=== Problem requirements ===
Please reproduce every entry, keeping each one exact.

Source data
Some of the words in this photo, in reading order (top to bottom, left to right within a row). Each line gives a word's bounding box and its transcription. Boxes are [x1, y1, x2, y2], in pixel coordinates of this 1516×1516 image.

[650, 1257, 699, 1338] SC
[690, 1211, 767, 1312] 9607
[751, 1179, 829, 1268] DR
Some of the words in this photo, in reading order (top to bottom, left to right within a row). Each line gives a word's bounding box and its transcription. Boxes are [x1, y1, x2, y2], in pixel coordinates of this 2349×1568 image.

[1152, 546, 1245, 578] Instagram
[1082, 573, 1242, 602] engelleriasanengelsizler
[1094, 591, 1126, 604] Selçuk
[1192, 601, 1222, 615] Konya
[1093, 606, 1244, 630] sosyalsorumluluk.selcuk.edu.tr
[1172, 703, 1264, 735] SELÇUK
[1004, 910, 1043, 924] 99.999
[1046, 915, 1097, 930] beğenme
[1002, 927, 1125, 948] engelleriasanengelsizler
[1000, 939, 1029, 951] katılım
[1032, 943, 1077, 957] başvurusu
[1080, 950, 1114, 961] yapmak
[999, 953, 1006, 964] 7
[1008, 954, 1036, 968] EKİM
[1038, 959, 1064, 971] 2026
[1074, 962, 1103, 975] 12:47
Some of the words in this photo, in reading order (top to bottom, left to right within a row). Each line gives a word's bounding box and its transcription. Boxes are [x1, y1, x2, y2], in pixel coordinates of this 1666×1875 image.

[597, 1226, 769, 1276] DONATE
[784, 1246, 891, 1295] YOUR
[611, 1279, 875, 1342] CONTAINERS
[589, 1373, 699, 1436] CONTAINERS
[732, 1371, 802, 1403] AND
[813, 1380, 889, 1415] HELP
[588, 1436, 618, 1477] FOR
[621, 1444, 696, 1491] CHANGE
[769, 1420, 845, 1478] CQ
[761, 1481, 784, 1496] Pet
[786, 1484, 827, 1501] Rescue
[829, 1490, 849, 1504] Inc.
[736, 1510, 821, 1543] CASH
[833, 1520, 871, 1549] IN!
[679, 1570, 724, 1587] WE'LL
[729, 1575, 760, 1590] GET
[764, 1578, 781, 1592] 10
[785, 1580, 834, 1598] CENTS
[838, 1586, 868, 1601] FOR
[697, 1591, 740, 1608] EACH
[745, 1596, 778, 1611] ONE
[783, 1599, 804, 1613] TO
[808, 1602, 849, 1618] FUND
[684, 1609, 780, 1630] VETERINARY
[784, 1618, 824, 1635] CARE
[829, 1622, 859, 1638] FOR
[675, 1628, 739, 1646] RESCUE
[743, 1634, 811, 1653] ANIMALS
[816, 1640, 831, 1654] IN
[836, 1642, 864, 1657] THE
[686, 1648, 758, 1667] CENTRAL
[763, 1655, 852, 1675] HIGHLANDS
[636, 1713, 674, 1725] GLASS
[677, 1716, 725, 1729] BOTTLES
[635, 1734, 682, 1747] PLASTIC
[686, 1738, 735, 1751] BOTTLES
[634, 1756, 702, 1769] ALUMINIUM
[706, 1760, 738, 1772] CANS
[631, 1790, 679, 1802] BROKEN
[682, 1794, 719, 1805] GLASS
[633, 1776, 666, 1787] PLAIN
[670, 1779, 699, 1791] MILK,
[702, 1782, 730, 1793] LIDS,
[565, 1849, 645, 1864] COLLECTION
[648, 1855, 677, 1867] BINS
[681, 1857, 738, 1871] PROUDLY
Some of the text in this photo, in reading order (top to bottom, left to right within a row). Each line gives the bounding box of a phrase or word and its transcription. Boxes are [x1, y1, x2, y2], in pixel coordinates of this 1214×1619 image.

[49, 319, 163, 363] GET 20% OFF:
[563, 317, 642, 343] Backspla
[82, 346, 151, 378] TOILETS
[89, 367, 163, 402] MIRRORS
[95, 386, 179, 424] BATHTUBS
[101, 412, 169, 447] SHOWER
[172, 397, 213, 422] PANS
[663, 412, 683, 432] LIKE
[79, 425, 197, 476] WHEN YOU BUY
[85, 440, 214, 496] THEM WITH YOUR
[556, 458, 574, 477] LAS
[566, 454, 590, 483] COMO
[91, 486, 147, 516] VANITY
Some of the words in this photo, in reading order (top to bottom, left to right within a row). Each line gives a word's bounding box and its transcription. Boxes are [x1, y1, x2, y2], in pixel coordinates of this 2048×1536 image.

=== Written response ===
Some of the words in this photo, in reading order (top to bottom, left to right within a row). Each line gives a word's bounding box and its transcription. Boxes are [x1, y1, x2, y2], in pixel coordinates of this 1516×1516 image.

[650, 1257, 699, 1338] SC
[690, 1211, 767, 1312] 9607
[751, 1179, 829, 1268] DR
Some of the words in this photo, in reading order (top to bottom, left to right within a row). Each line gives a word's bounding box and its transcription. Boxes are [x1, y1, x2, y2], in pixel coordinates of this 2349×1568 image.

[1152, 546, 1245, 578] Instagram
[1082, 573, 1242, 602] engelleriasanengelsizler
[1094, 591, 1126, 604] Selçuk
[1192, 601, 1222, 615] Konya
[1093, 606, 1244, 630] sosyalsorumluluk.selcuk.edu.tr
[1172, 703, 1264, 735] SELÇUK
[1004, 910, 1043, 924] 99.999
[1046, 915, 1097, 930] beğenme
[1002, 927, 1125, 948] engelleriasanengelsizler
[1000, 939, 1029, 951] katılım
[1032, 943, 1077, 957] başvurusu
[1080, 950, 1114, 961] yapmak
[999, 953, 1006, 964] 7
[1008, 954, 1036, 968] EKİM
[1038, 959, 1064, 971] 2026
[1074, 962, 1103, 975] 12:47
Some of the words in this photo, in reading order (top to bottom, left to right within a row). Each line gives a word's bounding box and its transcription. Boxes are [x1, y1, x2, y2], in pixel coordinates of this 1666×1875 image.

[597, 1226, 769, 1276] DONATE
[784, 1246, 891, 1295] YOUR
[611, 1279, 875, 1342] CONTAINERS
[589, 1373, 699, 1436] CONTAINERS
[732, 1371, 802, 1403] AND
[813, 1380, 889, 1415] HELP
[588, 1436, 618, 1477] FOR
[621, 1444, 696, 1491] CHANGE
[769, 1420, 845, 1478] CQ
[761, 1481, 784, 1496] Pet
[786, 1484, 827, 1501] Rescue
[829, 1490, 849, 1504] Inc.
[736, 1510, 821, 1543] CASH
[833, 1520, 871, 1549] IN!
[679, 1570, 724, 1587] WE'LL
[729, 1575, 760, 1590] GET
[764, 1578, 781, 1592] 10
[785, 1580, 834, 1598] CENTS
[838, 1586, 868, 1601] FOR
[697, 1591, 740, 1608] EACH
[745, 1596, 778, 1611] ONE
[783, 1599, 804, 1613] TO
[808, 1602, 849, 1618] FUND
[684, 1609, 780, 1630] VETERINARY
[784, 1618, 824, 1635] CARE
[829, 1622, 859, 1638] FOR
[675, 1628, 739, 1646] RESCUE
[743, 1634, 811, 1653] ANIMALS
[816, 1640, 831, 1654] IN
[836, 1642, 864, 1657] THE
[686, 1648, 758, 1667] CENTRAL
[763, 1655, 852, 1675] HIGHLANDS
[636, 1713, 674, 1725] GLASS
[677, 1716, 725, 1729] BOTTLES
[635, 1734, 682, 1747] PLASTIC
[686, 1738, 735, 1751] BOTTLES
[634, 1756, 702, 1769] ALUMINIUM
[706, 1760, 738, 1772] CANS
[631, 1790, 679, 1802] BROKEN
[682, 1794, 719, 1805] GLASS
[633, 1776, 666, 1787] PLAIN
[670, 1779, 699, 1791] MILK,
[702, 1782, 730, 1793] LIDS,
[565, 1849, 645, 1864] COLLECTION
[648, 1855, 677, 1867] BINS
[681, 1857, 738, 1871] PROUDLY
Some of the text in this photo, in reading order (top to bottom, left to right within a row). Each line gives the bounding box of a phrase or word and its transcription. Boxes are [x1, y1, x2, y2], in pixel coordinates of this 1214×1619 image.

[49, 319, 163, 363] GET 20% OFF:
[563, 317, 642, 343] Backspla
[82, 346, 151, 378] TOILETS
[89, 367, 163, 402] MIRRORS
[95, 386, 179, 424] BATHTUBS
[101, 412, 169, 447] SHOWER
[172, 397, 213, 422] PANS
[663, 412, 683, 432] LIKE
[79, 425, 197, 476] WHEN YOU BUY
[85, 440, 214, 496] THEM WITH YOUR
[556, 458, 574, 477] LAS
[566, 454, 590, 483] COMO
[91, 486, 147, 516] VANITY
Some of the words in this photo, in reading order (top to bottom, left to right within a row). Each line gives a word's bounding box and its transcription. Boxes are [x1, y1, x2, y2], in pixel coordinates of this 2048×1536 image.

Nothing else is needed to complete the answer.